От всех остальных джихангир требовал говорить чётко и коротко. С Бамутом — упражнял свой разум в цветастости. Без этого никак. Для разговора с послами иноземными годится, увы, только такой язык. Хан опять вспомнил несчастного эцегэ. Когда-то насмехался над ним, глупый. Теперь вот сам даёт повод для насмешек зелёных юнцов своей вынужденной многоречивостью.
— Не увидев зверя целиком, глупо в него стрелять. Откуда узнаешь, что послал стрелу именно в сердце, а не в ногу? Хищник, разъярённый лёгкой раной, вдвойне опасен.
— Хорошо сказал, анда. Именно этого понимания не хватает нашим заносчивым тайджи. При случае я напомню им про охотничью мудрость. Здешний диковинный край покрыт лесами, как ёж колючками. Гуюк и Бури настаивают, чтобы я ухватил этого ежа со стороны иголок, словно молодой пустоголовый корсак.
— Желания царевичей понятны. Ты будешь выть с иголкой в носу, они — пожирать перевёрнутого тобой ежа, — понимающе вздохнул Боэмунд. — Это удивительная страна, хан. Можно понять, когда род мстит роду за обиды... и так, пока совсем не сотрутся роды.
— Ещё бы. Даже зубы, если ими всё время злобно скрипишь, сотрутся. Такое было у нас до Темуджина, почти стёрлись «зубы».
— Можно понять, когда одно племя порабощает остальные и держит их в покорности, — продолжал плести Боэмунд.
— Это ему только так кажется. Чужие кости крепче собственных зубов. Не сотрутся зубы, так пообламываются, — вздохнул Бату, подумав о печальной судьбе, ждущей монголов, тающих от похода к походу, как лёд в котле, — а что здесь?
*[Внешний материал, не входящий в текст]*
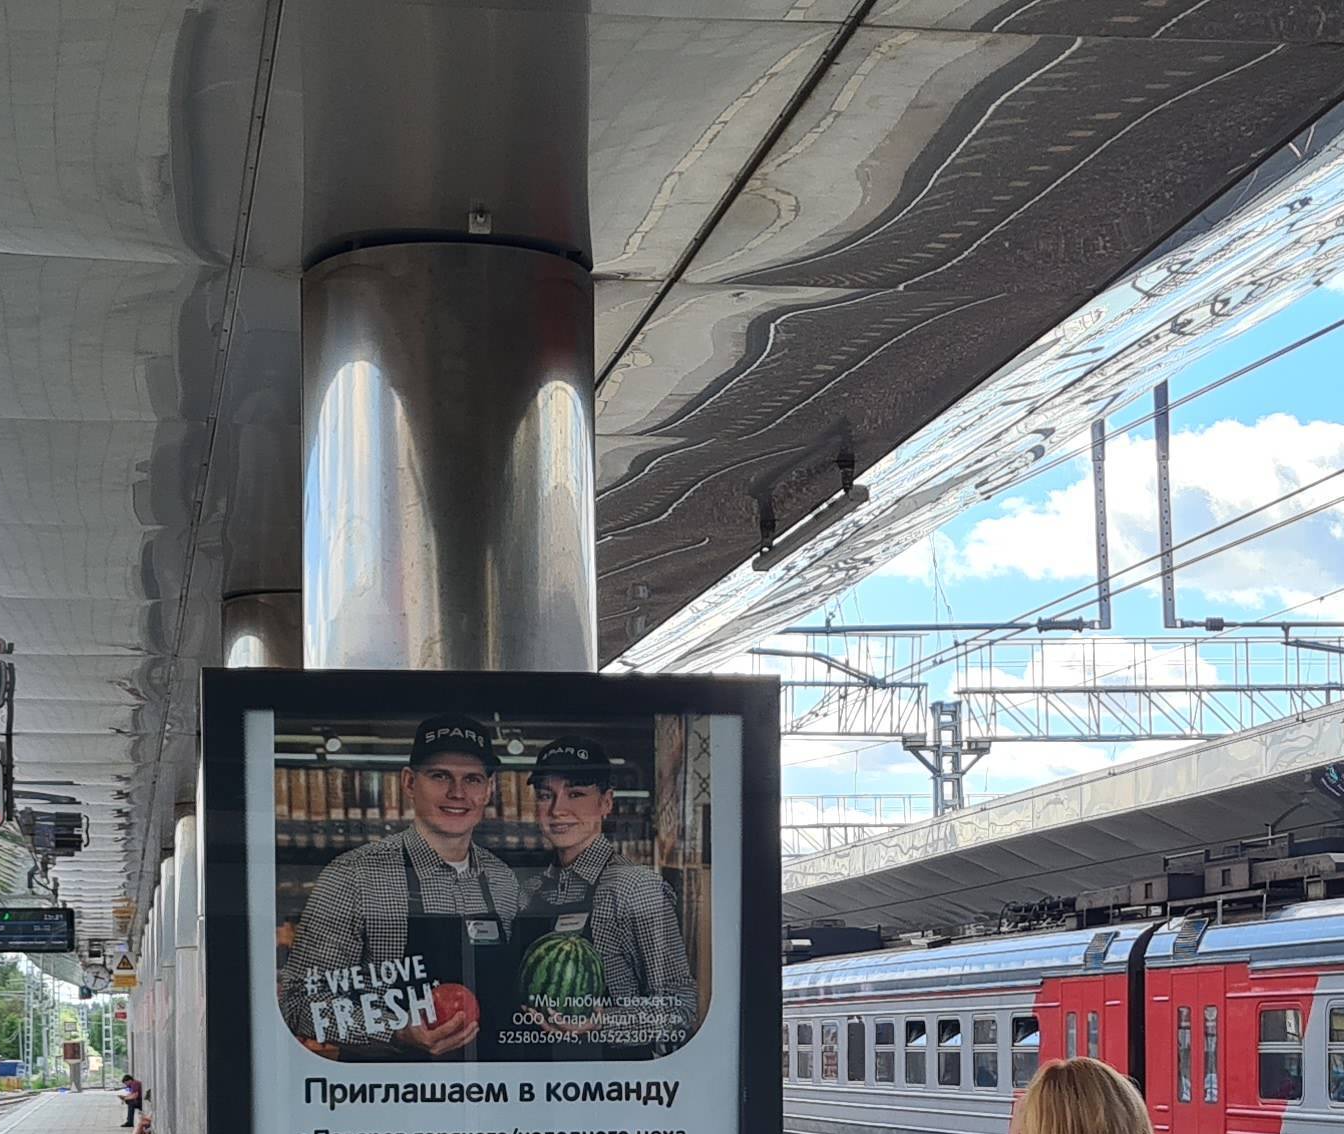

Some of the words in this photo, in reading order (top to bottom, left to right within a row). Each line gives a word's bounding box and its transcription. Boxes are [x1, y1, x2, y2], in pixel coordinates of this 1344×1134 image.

[424, 727, 480, 744] SPAR
[368, 955, 428, 989] LOVE
[563, 993, 612, 1008] любим
[512, 1012, 544, 1025] ООО
[547, 1012, 587, 1027] «Спар
[498, 1031, 582, 1045] 5258056945,
[304, 1077, 509, 1111] Приглашаем
[519, 1082, 536, 1103] в
[545, 1080, 680, 1108] команду
— Одна расплодившаяся семья доказывает свою полезность для остальных тем, что плодится специально для того, чтобы резать друг друга.
— Не понимаю.
— Честно говоря, и я не очень-то такое понимаю, — опустил свои пронзительные глаза друг.
Бату — не сам по себе, он — «всесильный» джихангир. Как бы ни пытались его послы решить дело миром, в их речах должно прозвучать это громоздкое слово — «покорность». Оно, как камень на шее упавшего в воду, превращает все умелые гребки в беспомощные барахтанья утопающего.
Впрочем, судя по тому, что успел выведать Бамут, переговоры окончатся неудачей в любом случае. Гюрга, коназ рязанский, слишком ничтожен, труслив, не уверен в себе, чтобы думать о жизни своих подданных. «Жаба раздувается, тигр прячется в кустах» — так говорил когда-то Маркуз, это очень верно.
— Он до смерти запуган ульдемирским коназом — это точно? — переспросил Бату.